**Directions for this task**. In your copy of the data, omit the pictures and keep all else exactly as given.

Text-to-region grounding data
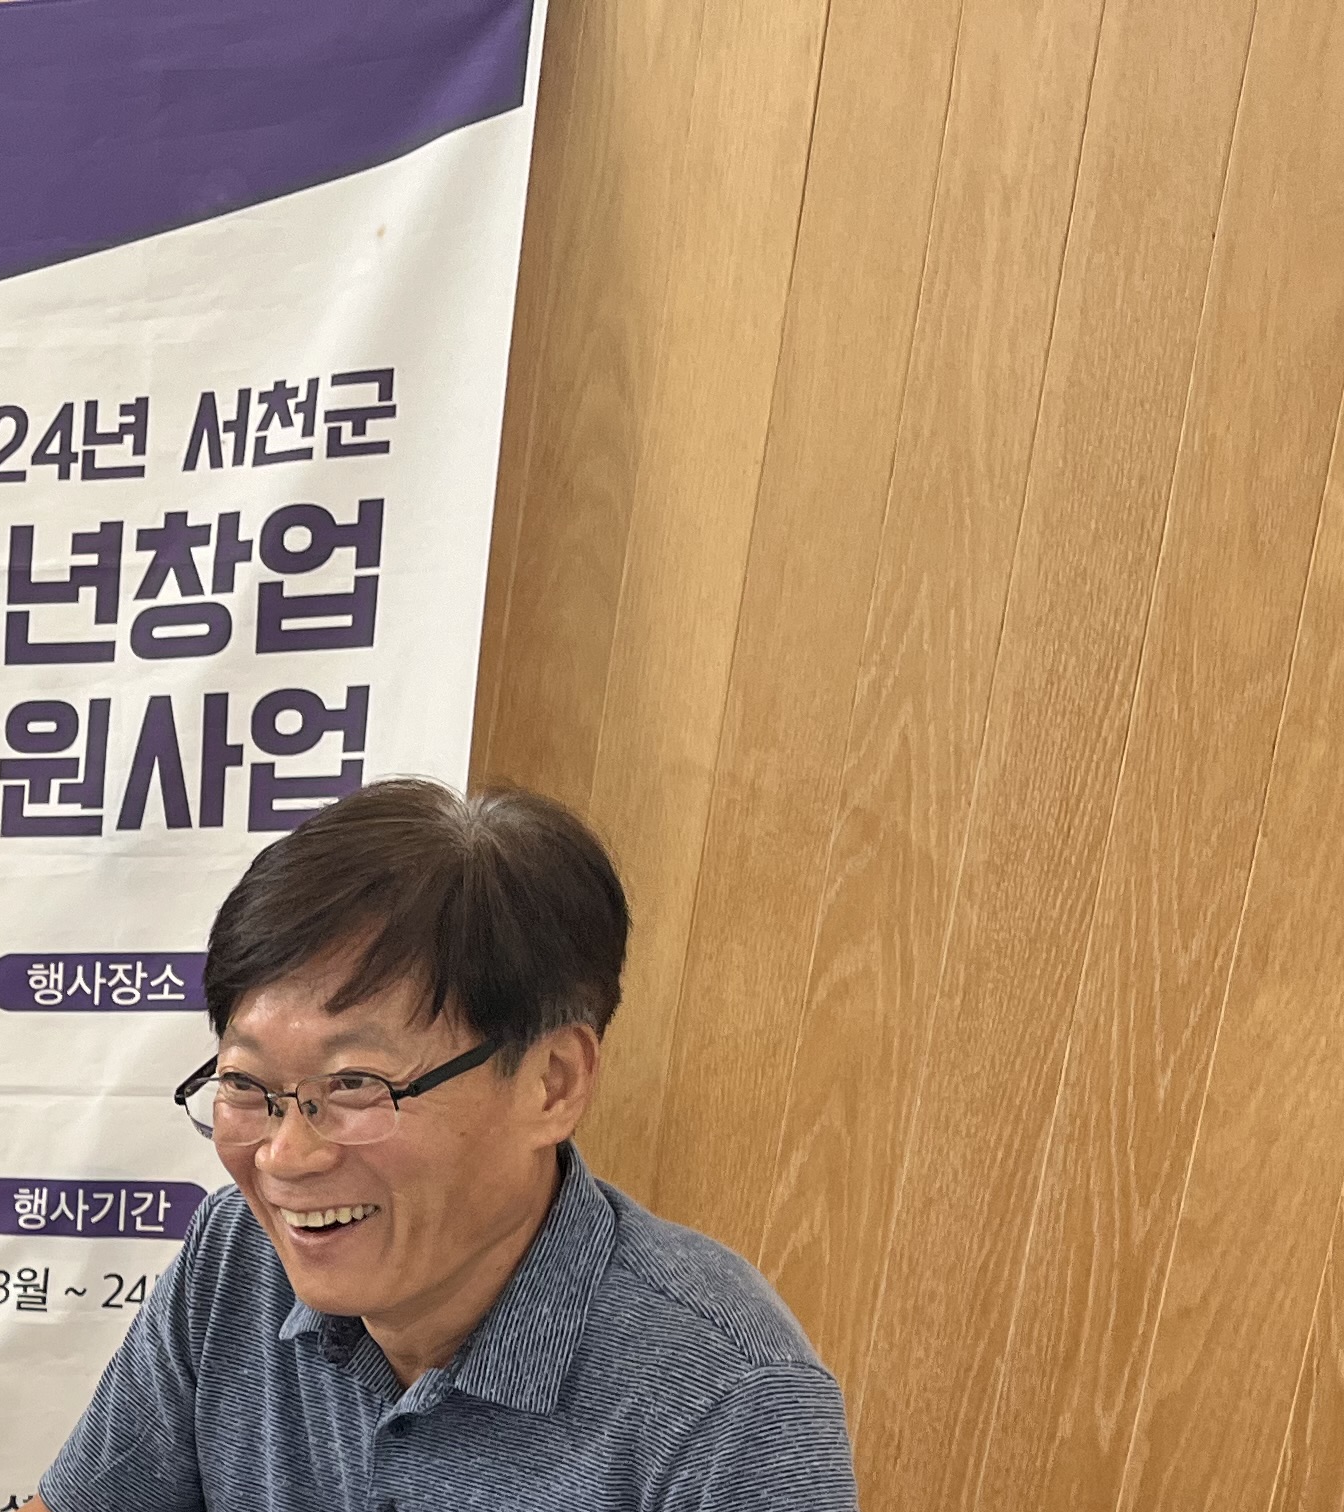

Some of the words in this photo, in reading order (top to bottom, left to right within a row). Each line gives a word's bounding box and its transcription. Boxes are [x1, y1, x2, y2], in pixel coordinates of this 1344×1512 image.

[182, 367, 398, 472] 서천군
[27, 961, 186, 1006] 행사장소
[13, 1187, 171, 1232] 행사기간
[101, 1273, 160, 1309] 24

**Result**.
Some of the words in this photo, in reading order (top to bottom, left to right within a row). Each line gives a word's bounding box and its transcription. Boxes are [x1, y1, x2, y2], in pixel coordinates of this 1344×1512 image.

[182, 367, 398, 472] 서천군
[27, 961, 186, 1006] 행사장소
[13, 1187, 171, 1232] 행사기간
[101, 1273, 160, 1309] 24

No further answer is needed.